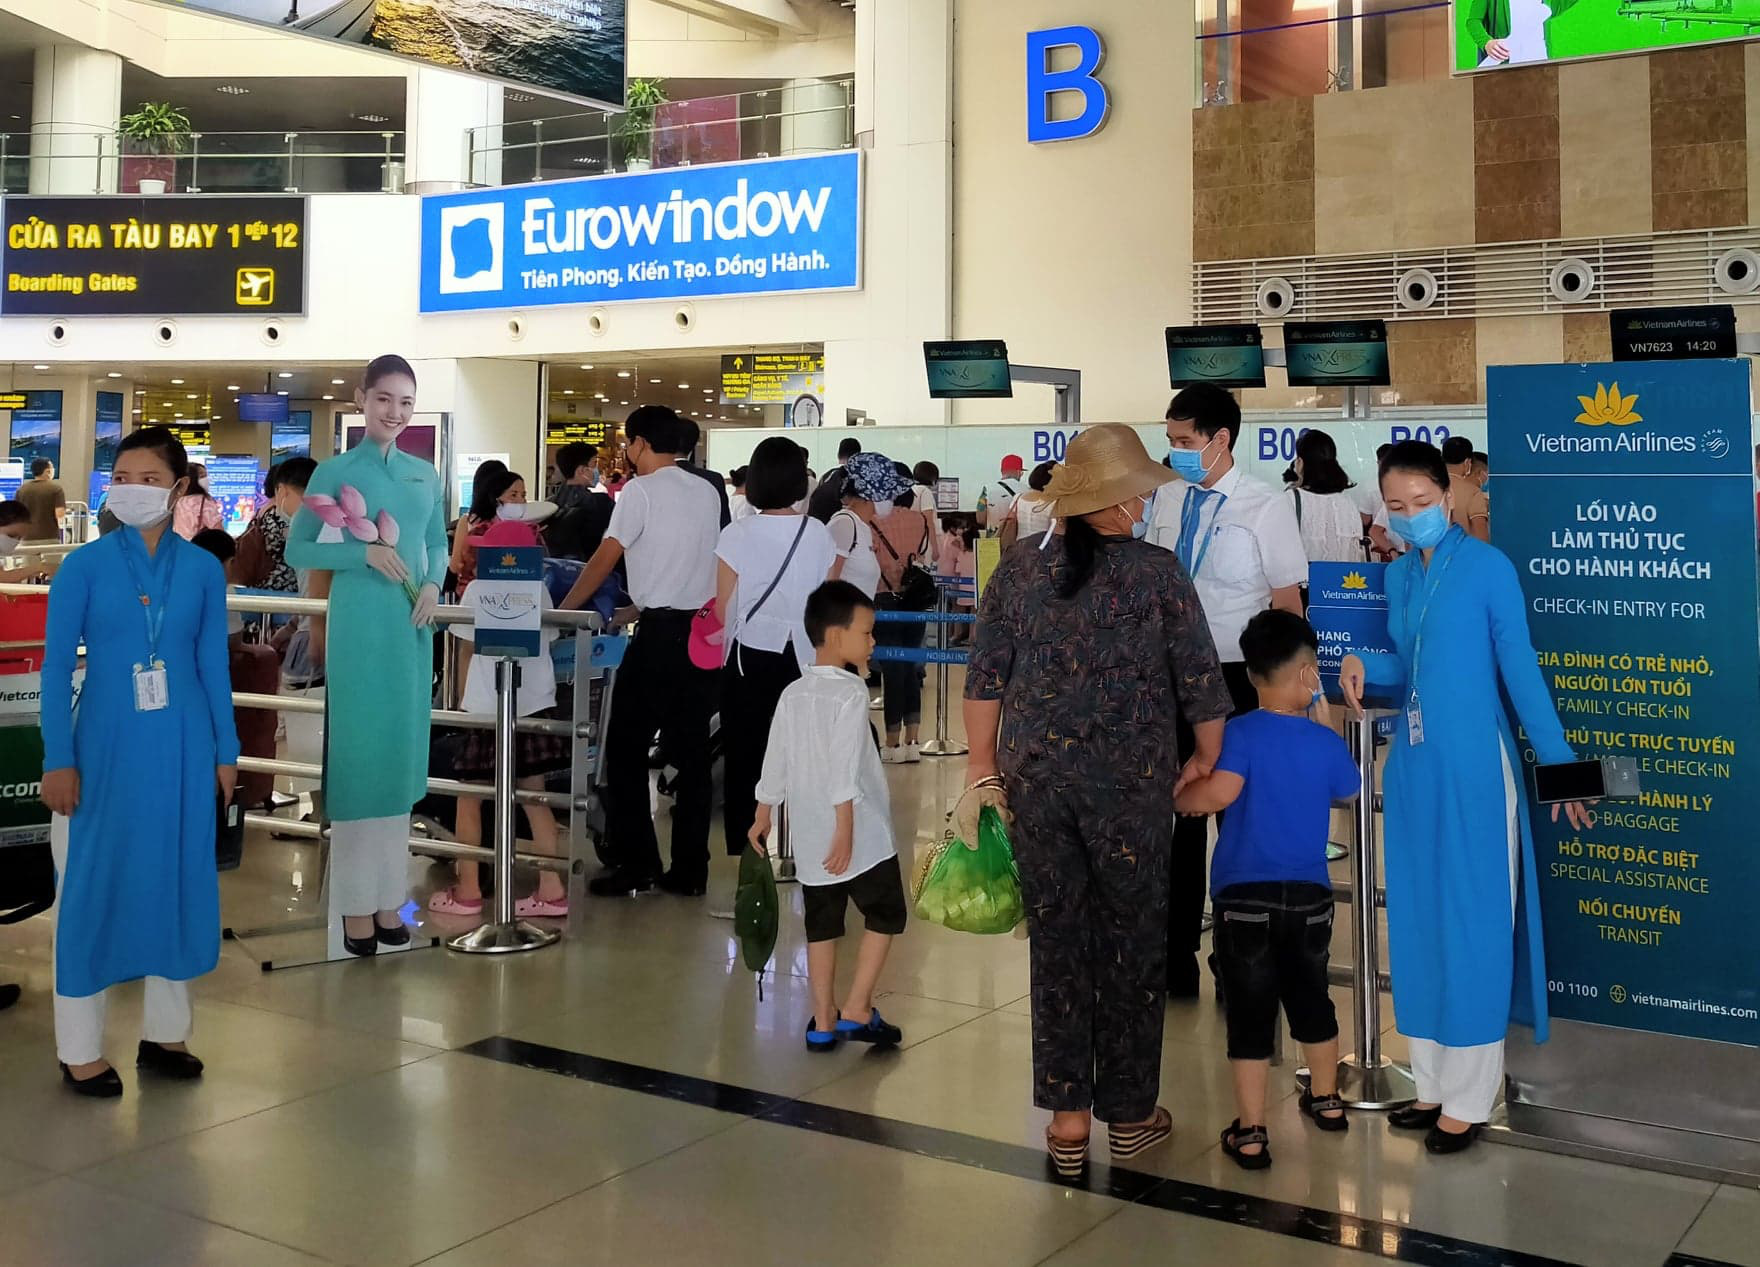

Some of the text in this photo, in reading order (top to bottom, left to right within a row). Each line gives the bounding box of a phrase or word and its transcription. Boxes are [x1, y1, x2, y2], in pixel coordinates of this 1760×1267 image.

[1026, 24, 1107, 144] B
[521, 178, 832, 256] Eurowindow
[8, 216, 58, 249] CỬA
[67, 224, 101, 248] RA
[110, 218, 160, 248] TÀU
[169, 223, 218, 248] BAY
[227, 223, 239, 248] 1
[271, 223, 297, 248] 12
[520, 249, 830, 289] Tiên Phong. Kiến Tạo. Đồng Hành.
[8, 272, 137, 294] Boarding Gates
[1630, 341, 1717, 353] VN7623 14:20
[1034, 430, 1078, 462] B0
[1259, 427, 1310, 461] B0
[1576, 499, 1657, 522] LỐI VÀO
[1551, 527, 1686, 555] LÀM THỦ TỤC
[1529, 556, 1711, 580] CHO HÀNH KHÁCH
[1533, 597, 1705, 619] CHECK-IN ENTRY FOR
[1563, 650, 1605, 669] ĐÌNH
[1608, 652, 1632, 670] CÓ
[1635, 653, 1667, 672] TRẺ
[1670, 655, 1714, 677] NHỎ,
[1554, 674, 1692, 697] NGƯỜI LỚN TUỔI
[1557, 697, 1690, 720] FAMILY CHECK-IN
[1565, 725, 1735, 756] HỦ TỤC TRỰC TUYẾN
[1655, 759, 1730, 779] CHECK-IN
[1639, 789, 1713, 812] HÀNH LÝ
[1558, 836, 1699, 871] HỖ TRỢ ĐẶC BIỆT
[1551, 862, 1709, 894] SPECIAL ASSISTANCE
[1578, 897, 1681, 926] NỐI CHUYẾN
[1597, 924, 1663, 946] TRANSIT
[1569, 983, 1598, 998] 1100
[1631, 992, 1758, 1020] vietnamairlines.com
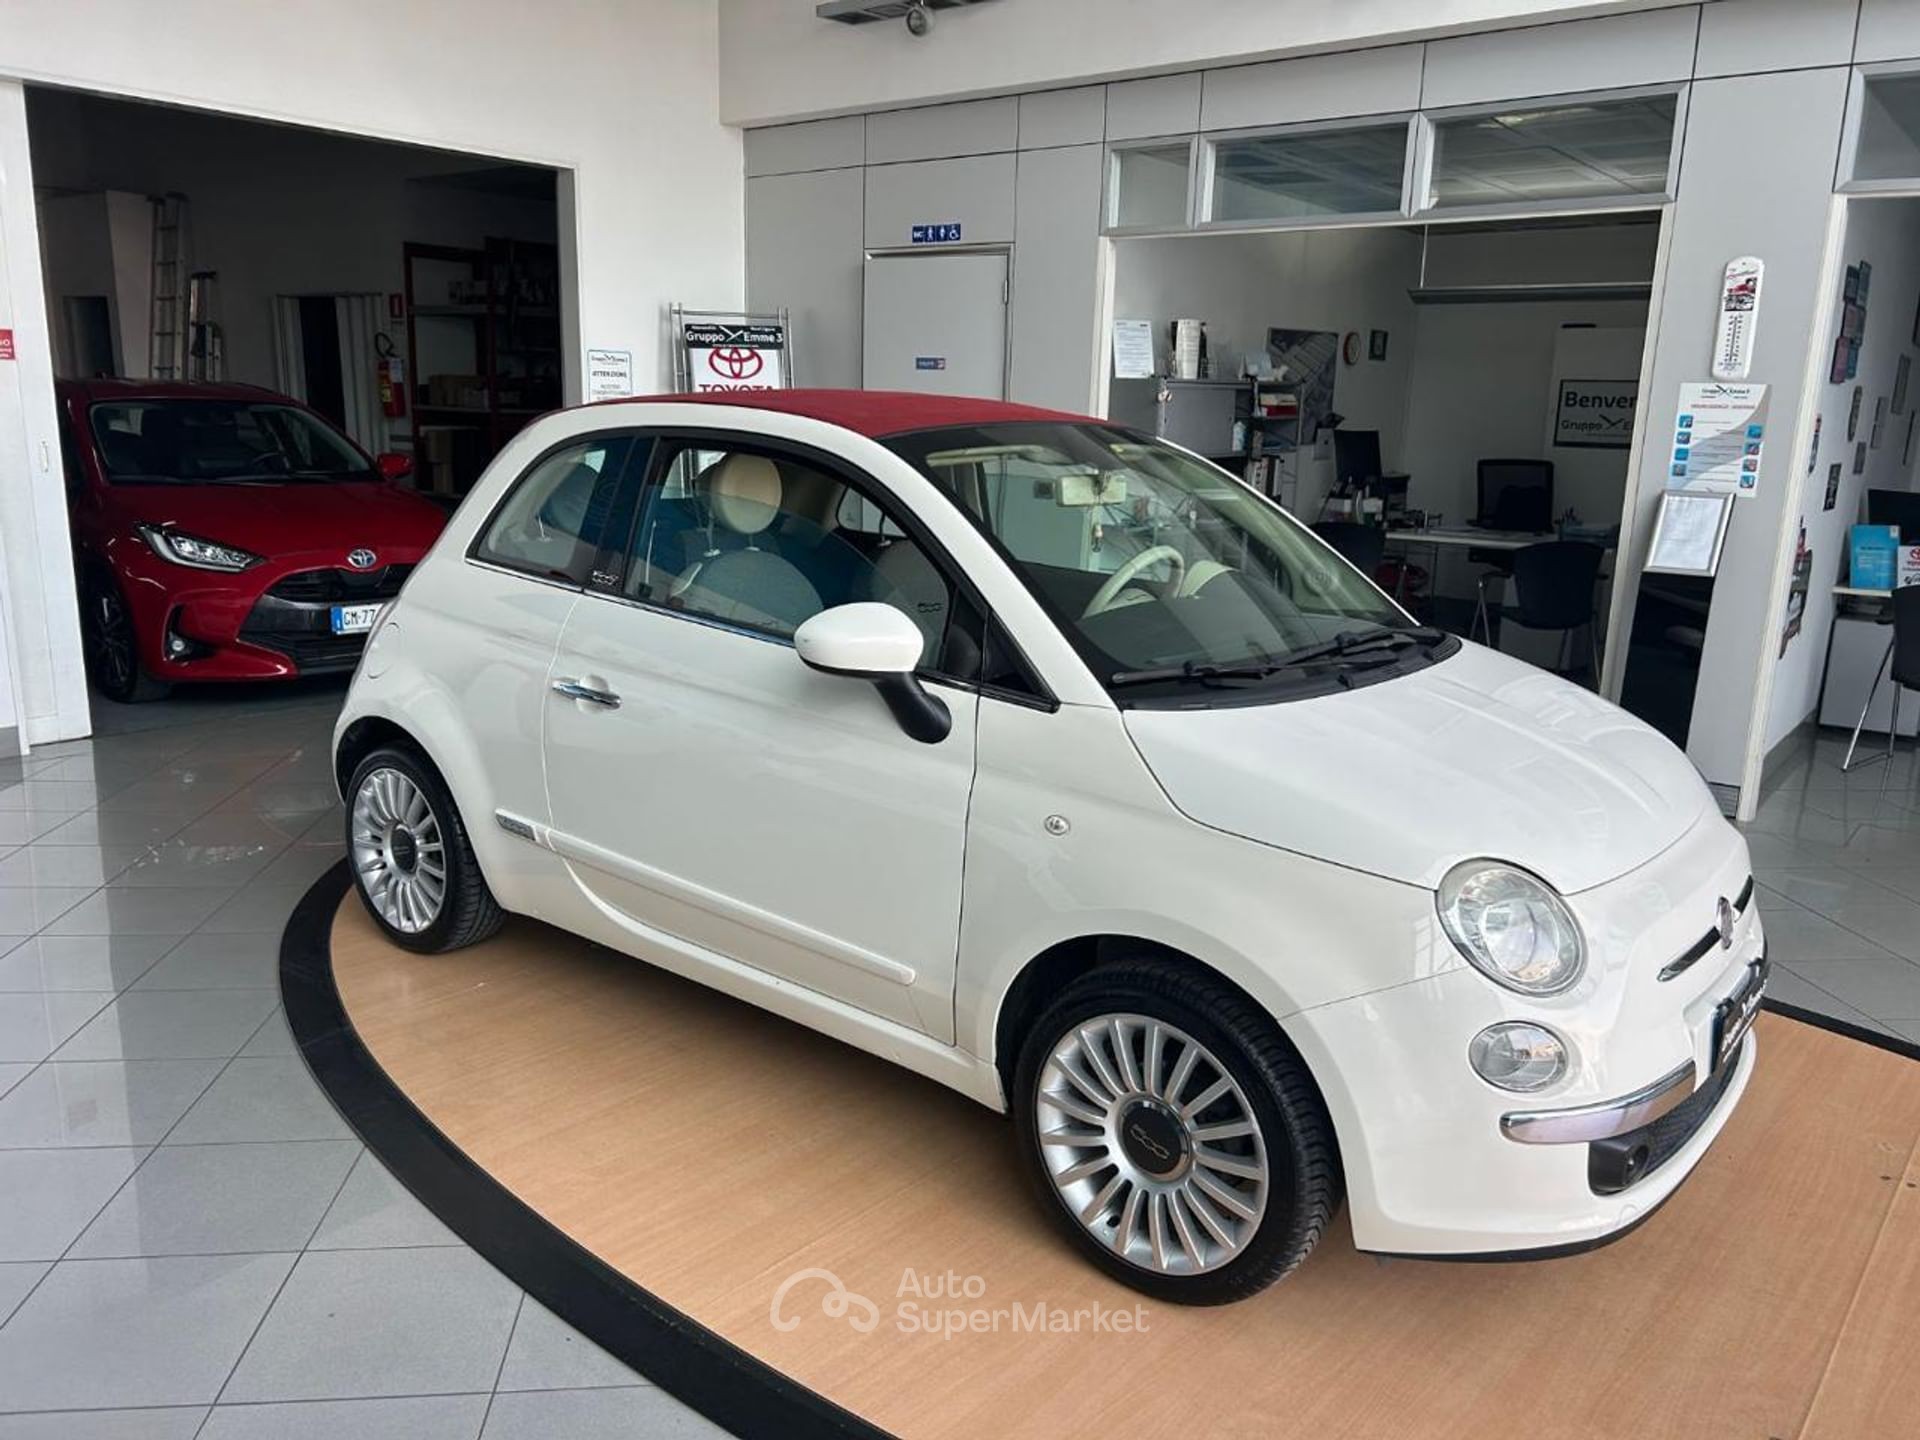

REQUIRED WORK:
Without including a single picture, restate all of the data word for word.

THE COMPLETED TASK:
Some of the text in this photo, in reading order (top to bottom, left to right within a row). Each line gives the bounding box of a phrase or word and its transcription. Boxes are [x1, y1, x2, y2], in pixel coordinates of this 1760×1267 image.

[1026, 24, 1107, 144] B
[521, 178, 832, 256] Eurowindow
[8, 216, 58, 249] CỬA
[67, 224, 101, 248] RA
[110, 218, 160, 248] TÀU
[169, 223, 218, 248] BAY
[227, 223, 239, 248] 1
[271, 223, 297, 248] 12
[520, 249, 830, 289] Tiên Phong. Kiến Tạo. Đồng Hành.
[8, 272, 137, 294] Boarding Gates
[1630, 341, 1717, 353] VN7623 14:20
[1034, 430, 1078, 462] B0
[1259, 427, 1310, 461] B0
[1576, 499, 1657, 522] LỐI VÀO
[1551, 527, 1686, 555] LÀM THỦ TỤC
[1529, 556, 1711, 580] CHO HÀNH KHÁCH
[1533, 597, 1705, 619] CHECK-IN ENTRY FOR
[1563, 650, 1605, 669] ĐÌNH
[1608, 652, 1632, 670] CÓ
[1635, 653, 1667, 672] TRẺ
[1670, 655, 1714, 677] NHỎ,
[1554, 674, 1692, 697] NGƯỜI LỚN TUỔI
[1557, 697, 1690, 720] FAMILY CHECK-IN
[1565, 725, 1735, 756] HỦ TỤC TRỰC TUYẾN
[1655, 759, 1730, 779] CHECK-IN
[1639, 789, 1713, 812] HÀNH LÝ
[1558, 836, 1699, 871] HỖ TRỢ ĐẶC BIỆT
[1551, 862, 1709, 894] SPECIAL ASSISTANCE
[1578, 897, 1681, 926] NỐI CHUYẾN
[1597, 924, 1663, 946] TRANSIT
[1569, 983, 1598, 998] 1100
[1631, 992, 1758, 1020] vietnamairlines.com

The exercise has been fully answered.